So I wrote this piece about that, which I thought I'd share with you:
For many years my household was a veritable menagerie. At one point we
had our parrot (more on her in a minute), two dogs (one a complete reprobate),
a cat and a rabbit, not to mention three kids at home. Back then I surprised
even myself by being able to hone my focus despite the myriad distractions that
were implicit with our many four-legged (and two-legged) creatures. The kids
were the easy part--I got to be so disciplined I’d even whip out my laptop and
work on my novels while in the pick-up line at school for ten minutes, or on
the sidelines of soccer practice, which seemed to be pretty much every
afternoon.
The pets were the ones that gave me fits. Our cat, Sushi, has a free pass
for life for being care free (except demanding endless head-scratches while I
write, which does make it tricky typing, not to mention plenty of fur on the
keyboard). Albert the bunny, well, the one thing going for him is that he’s quiet,
which sort of makes him out of sight, out of mind. I’ve always joked that he’s
not particularly engaging, which my daughter (his owner, though we’ve basically
been saddled with him for the past 7 years) takes as a personal affront. But
really, he is completely void of personality. But like I said, at least he’s
silent.
Our Labrador Sassy, who passed away last year was mostly calm and
cooperative except when nudged into naughtiness by our Australian cattle dog
dingo-esque mutt Bridget, who we lost two years ago and almost until the end
had a wild streak that knew few bounds. We called her the Pick-Up Truck Dog
Living the Mini-Van Life, and she never met a containment system that she
couldn’t evade.
What this meant was frequent interruptions from writing when I would get
a call from the neighbors that the dogs got out “yet again” and were wandering
the neighborhood, one terrorizing people and pets, as she had a glint in her
half-blue/half-brown eye that spooked people, and a ferocious bark that ensured
those nearby stood up and took notice. She was generally harmless but
nevertheless, I spent many a writing afternoon piling into my mini-van, driving
through the neighborhood with the door open, at the ready to shove wayward dogs
into the car before they could evade my capture.

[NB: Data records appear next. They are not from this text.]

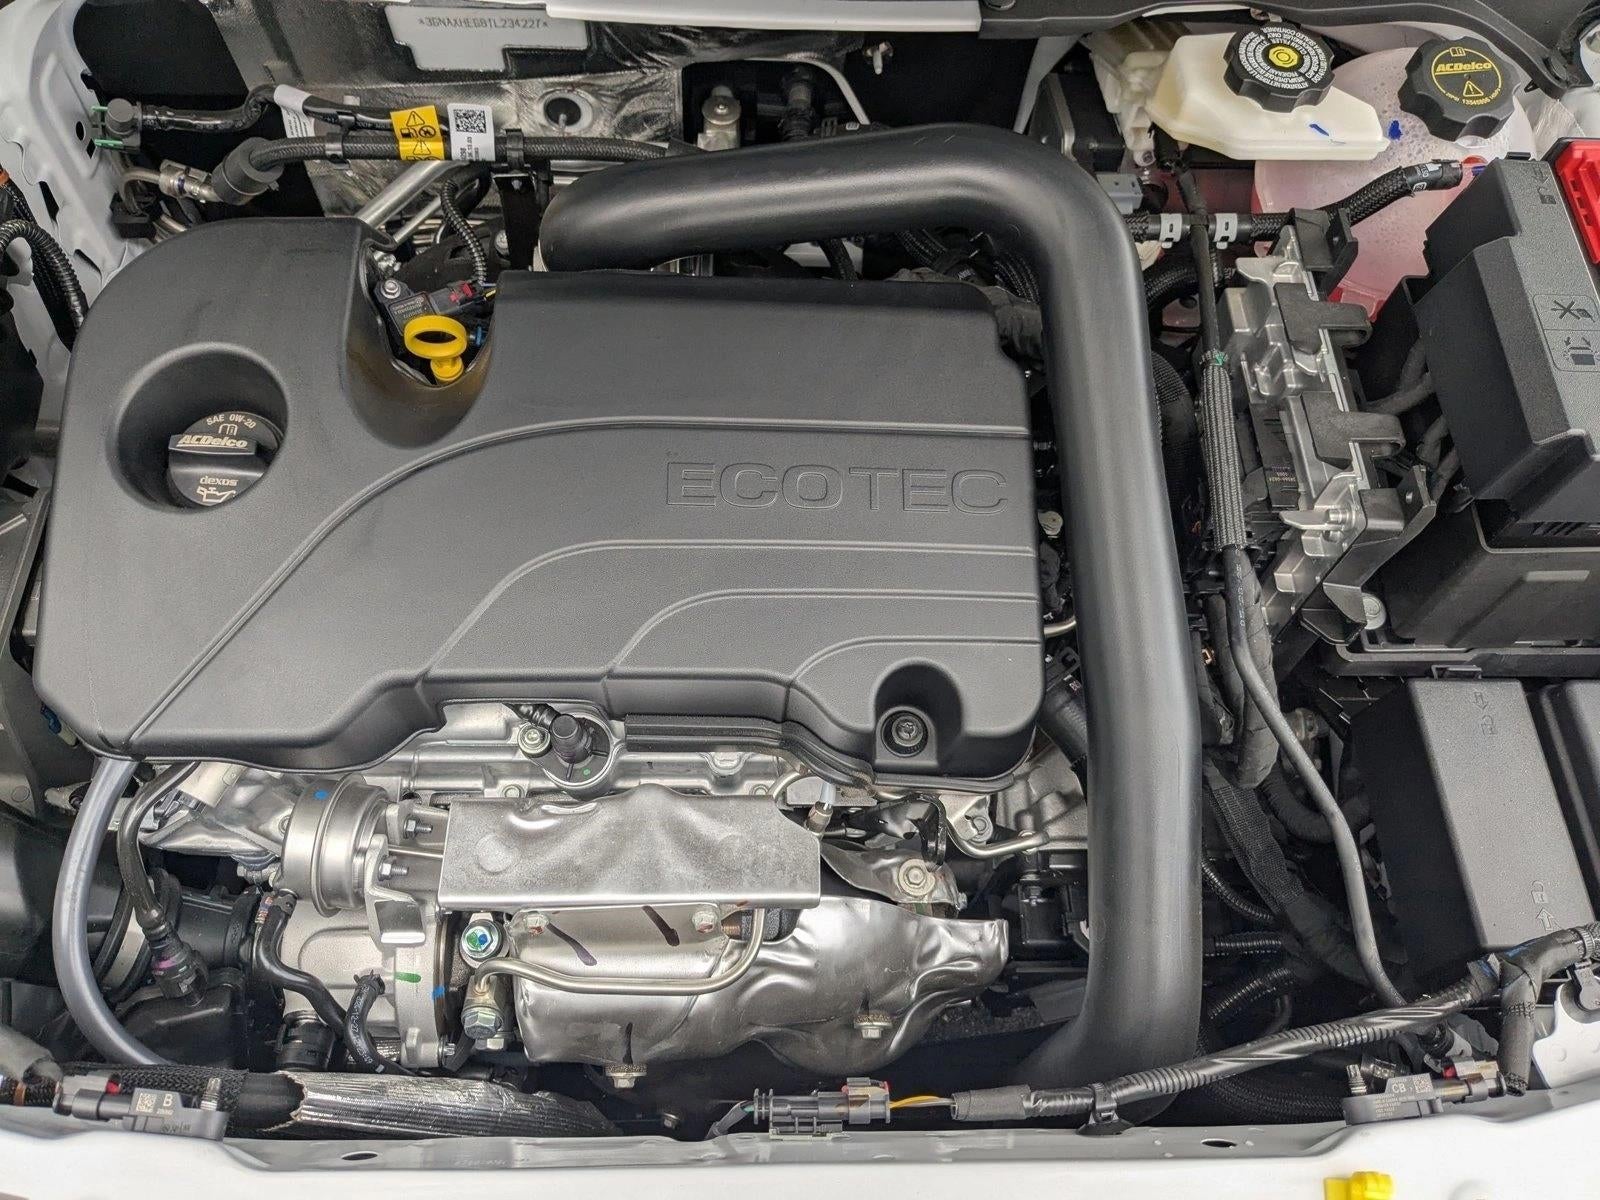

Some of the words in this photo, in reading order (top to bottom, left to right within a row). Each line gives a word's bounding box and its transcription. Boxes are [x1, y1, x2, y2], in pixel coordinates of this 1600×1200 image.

[1436, 62, 1492, 72] ACDelco
[206, 414, 225, 425] SAE
[229, 413, 257, 429] 0W-20
[178, 434, 248, 448] ACDelco
[199, 475, 239, 487] dexos
[666, 461, 1009, 516] ECOTEC
[1391, 1083, 1407, 1094] CB
[163, 1093, 173, 1107] B

When home, Bridget spent far too many of her waking hours barking—at the
wind, at blowing leaves, at doorbells, at delivery people, at cars driving by,
at imaginary creatures, I swear it. I would often have to either don a pair of
industrial earplugs or blast my iPod to stop dwelling on the shrill bark that
pinned my ears back with its particularly annoying pitch.

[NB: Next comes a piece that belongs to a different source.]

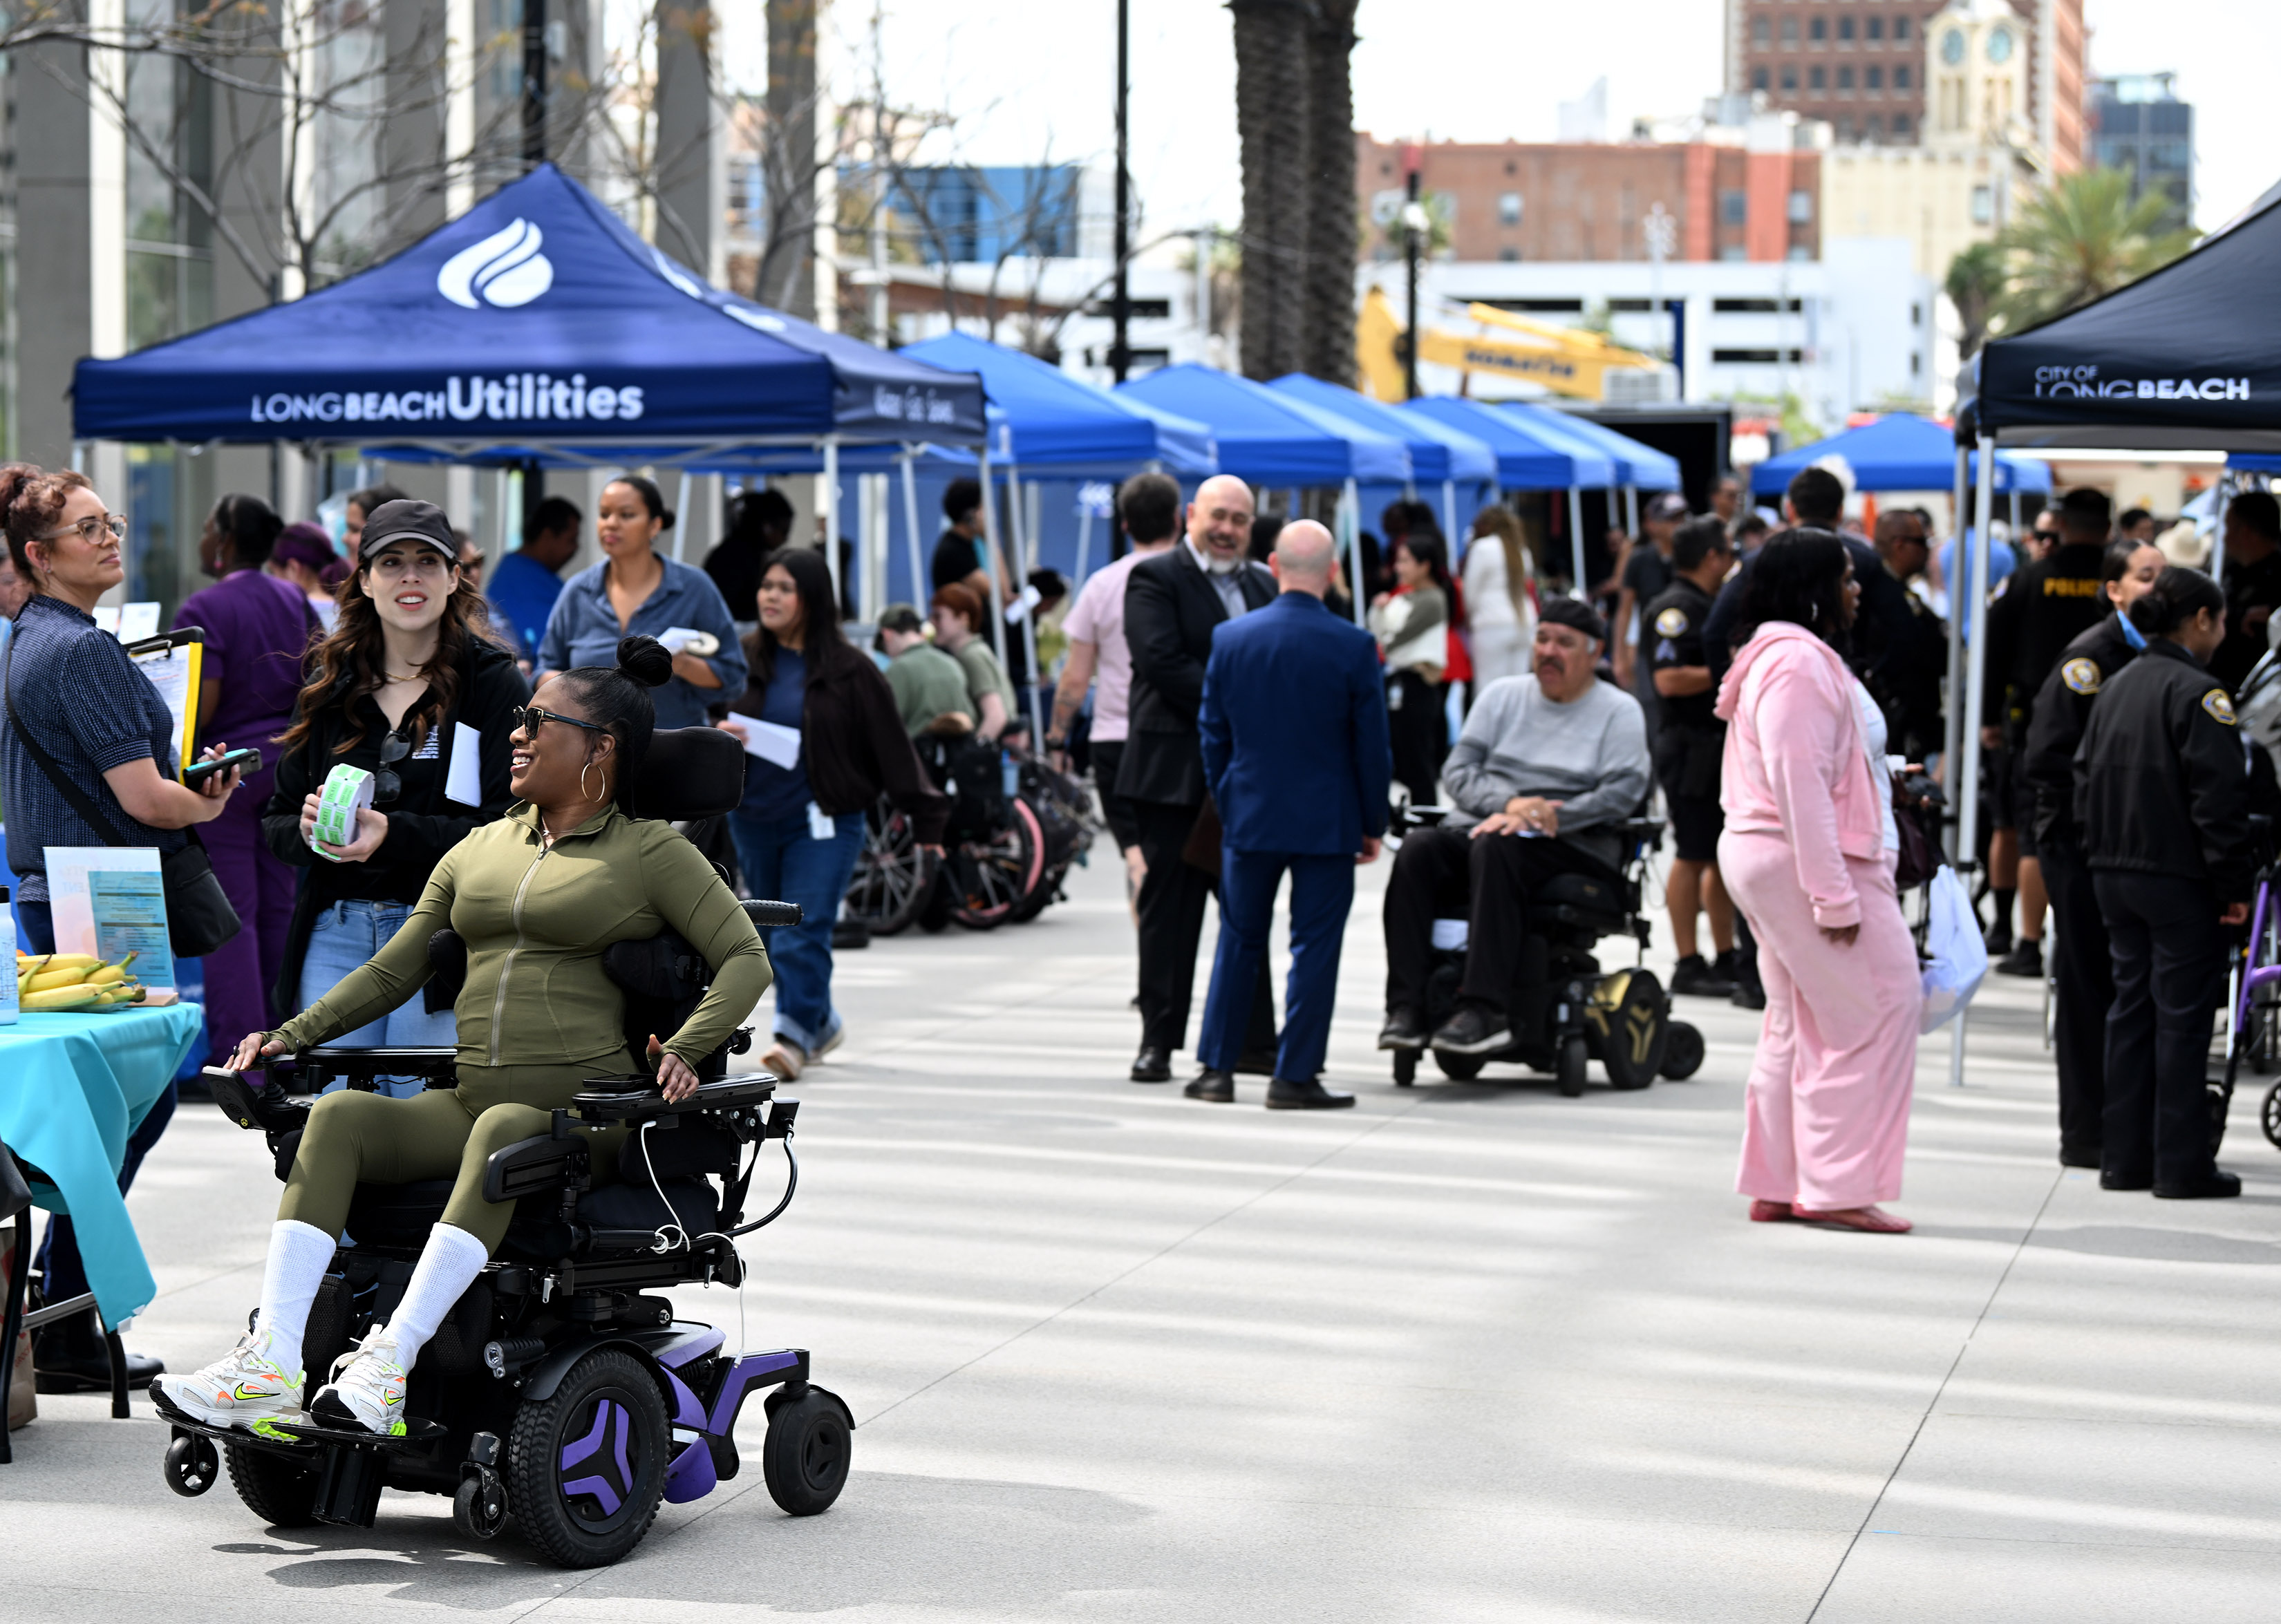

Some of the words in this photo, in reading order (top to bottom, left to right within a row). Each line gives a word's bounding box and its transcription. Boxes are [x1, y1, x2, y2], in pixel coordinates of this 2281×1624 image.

We loved our Bridget but she was good at trying my patience and
precluding my getting in dailiy word counts. But none of our pets has been
quite as masterful at that as has Graycie, our African Grey parrot that
was a gift to us in 1990 and has now, to all of our surprise, been with us for
27 years—some of them longer than others ;-). Greys are brilliant creatures,
and are quite gifted in outwitting their keepers.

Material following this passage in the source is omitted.